A main traditional use of European Leonurus cardiaca and East Asian Leonurus japonicus is in the treatment of neurological disorders such as anxiety, depression, nervousness, and as a sedative for insomnia. However, their mechanism of action is still under discussion. As anxiety and depressive disorders are increasingly being recognized as connected to dysfunctions of the gamma-aminobutyric acid system, the in vitro effects of standardized L. cardiaca and L japonicus extracts as well as five of their isolated constituents, namely, the labdane-type isoleosibirin, the novel iridoid 7R-chloro-6-desoxy-harpagide, the phenylethanoid lavandulifolioside, and the N-containing compounds stachydrine and leonurine, on this type of neuronal receptor were investigated for the first time.
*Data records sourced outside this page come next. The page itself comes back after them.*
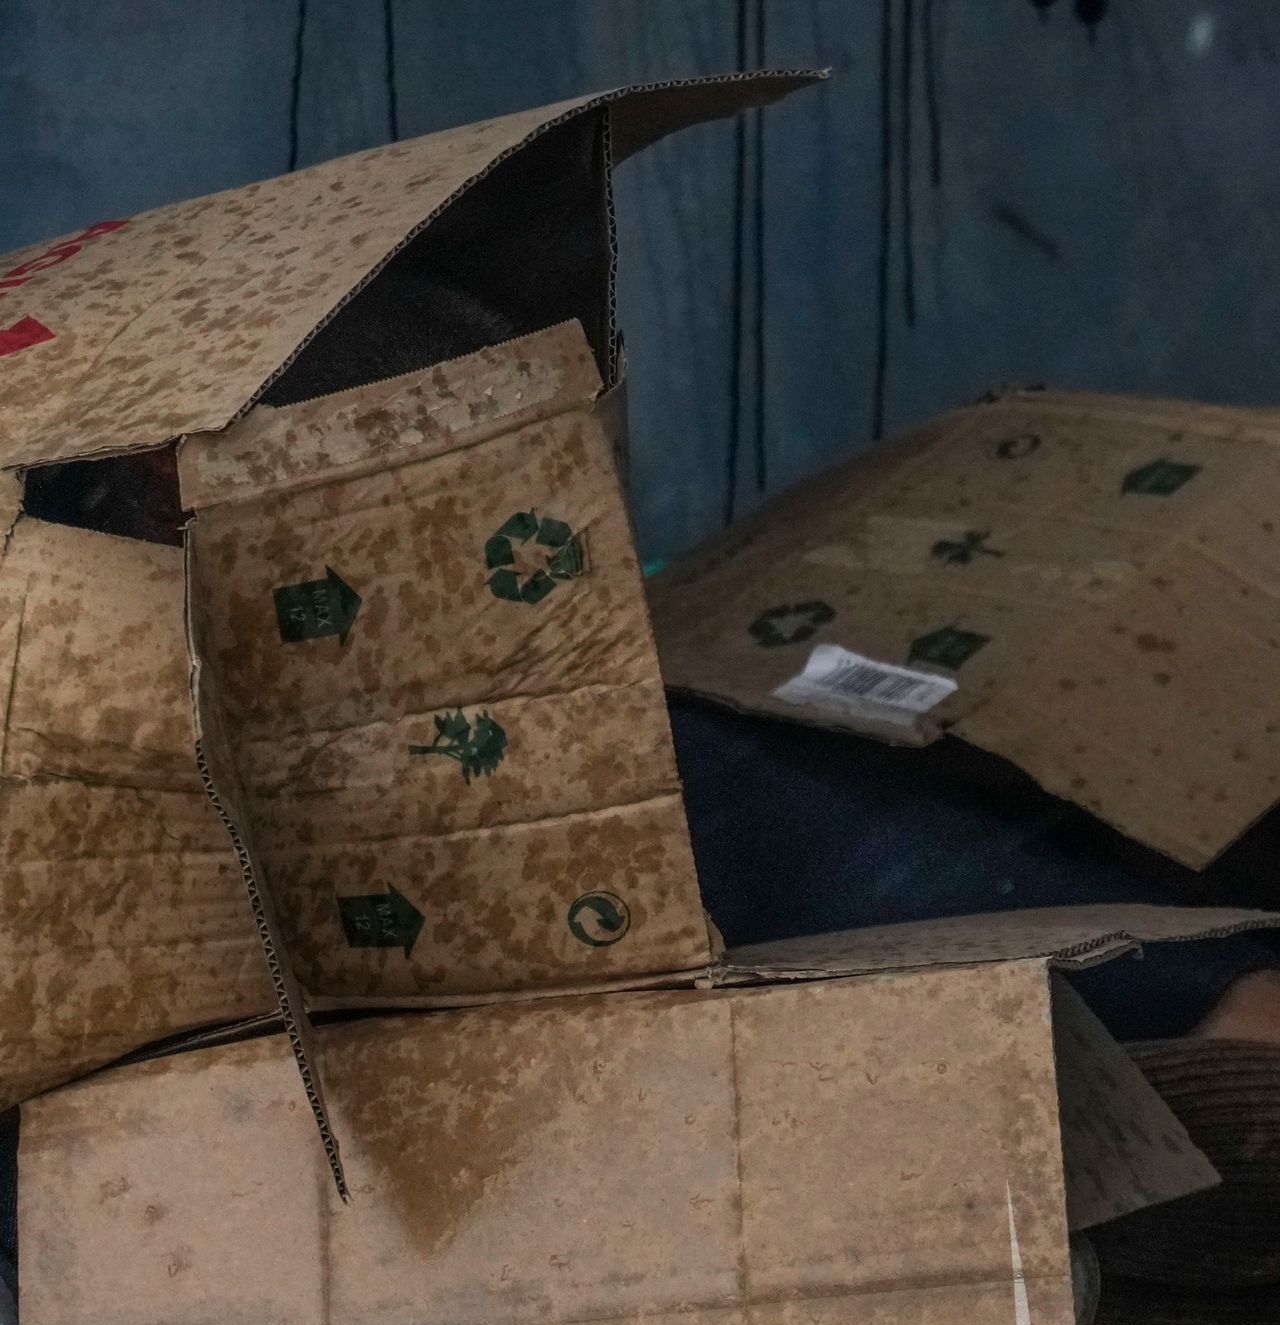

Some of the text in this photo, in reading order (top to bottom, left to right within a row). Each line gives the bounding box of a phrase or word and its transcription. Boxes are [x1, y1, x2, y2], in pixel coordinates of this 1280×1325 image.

[288, 606, 306, 623] 12
[311, 589, 332, 628] MAX
[354, 912, 368, 932] 12
[376, 902, 396, 938] MAX
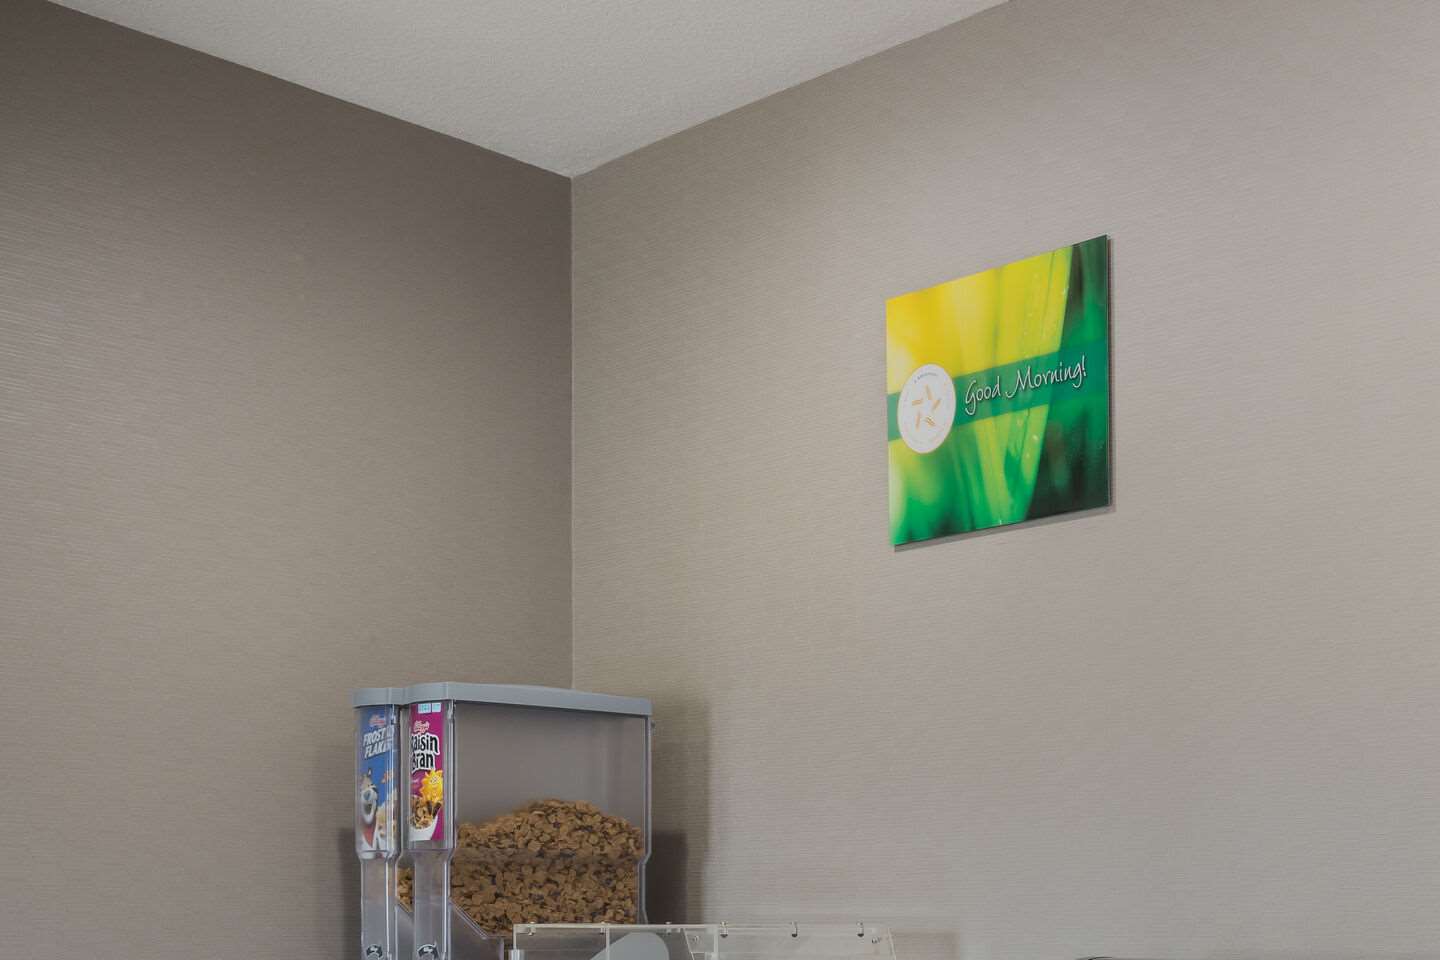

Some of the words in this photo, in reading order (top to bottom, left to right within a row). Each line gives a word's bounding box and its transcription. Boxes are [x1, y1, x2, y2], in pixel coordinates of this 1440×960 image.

[964, 375, 1001, 416] Good
[1005, 354, 1087, 398] Morning!
[363, 726, 395, 747] FROST
[411, 733, 440, 755] aisin
[411, 752, 435, 771] ran
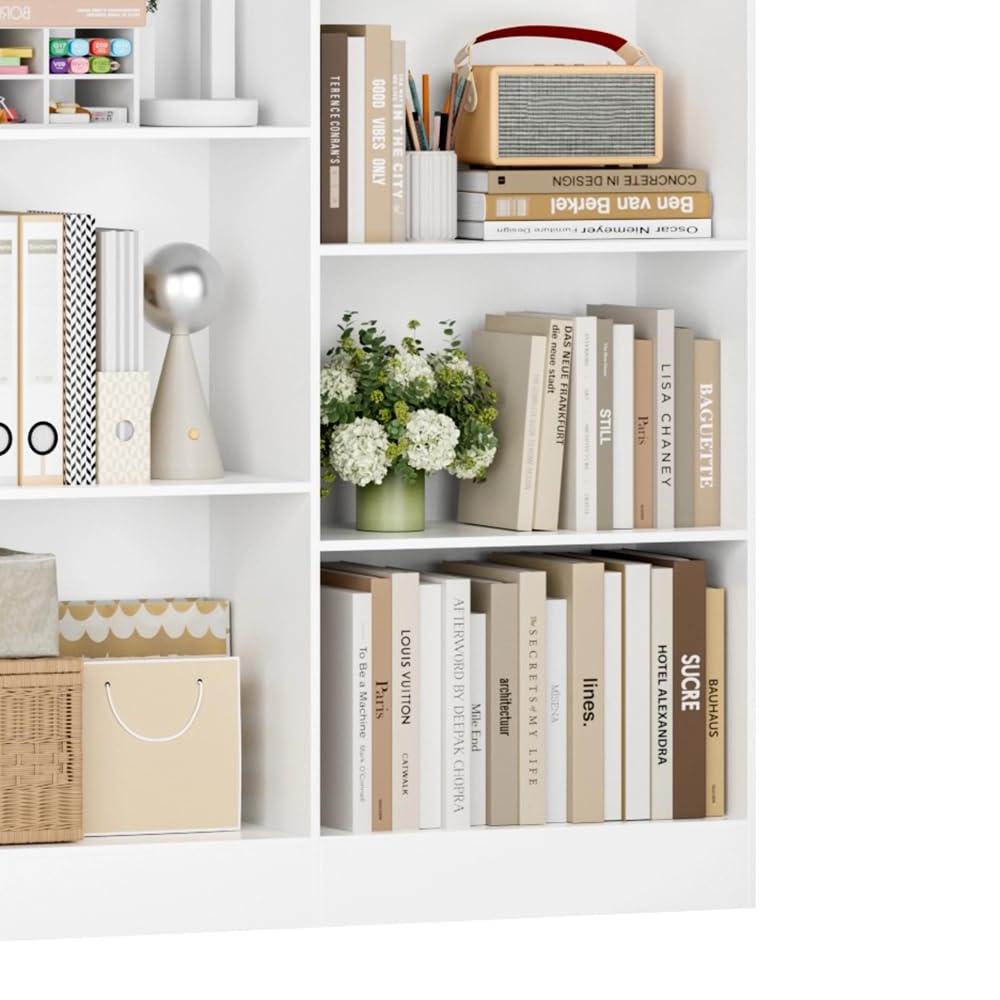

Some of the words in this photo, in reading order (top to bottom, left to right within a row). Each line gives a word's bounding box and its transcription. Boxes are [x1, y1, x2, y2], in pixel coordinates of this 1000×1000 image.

Extracts of L. cardiaca and L. japonicus, characterized by reversed-phase high-performance liquid chromatography determination, as well as their above named isolated, possible active constituents of different chemical nature were tested in several receptor binding assays at rat GABA_A receptors using [³H]-SR95 531 and [³H]-Ro-15–1788 (flumazenil)/diazepam control. The L. cardiaca and L. japonicus extracts as well as leonurine inhibited the concentration-dependent binding of [³H]-SR95 531 to the gamma-aminobutyric acid site of the gamma-aminobutyric acid type A receptor with a high binding affinity: IC₅₀s 21 µg/ml, 46 µg/ml, and 15 µg/ml, respectively. In contrast, binding to the benzodiazepine site of the rat gamma-aminobutyric acid type A receptor had a 15 to 30 times lower binding affinity than to the gamma-aminobutyric acid site. The presented experiments provide hints that the neurological mechanism of action of L. cardiaca and L. japonicus may essentially be based on their interaction to the gamma-aminobutyric acid site of the gamma-aminobutyric acid type A receptor, while the benzodiazepine site most probably does not contribute to this effect. In the case of L. japonicus, these effects can be at least partially explained by its leonurine constituent, whereas the active principle of L. cardiaca, which does not contain leonurine, is subject to further research as none of the other investigated individual constituents displayed significant activity in the applied test system.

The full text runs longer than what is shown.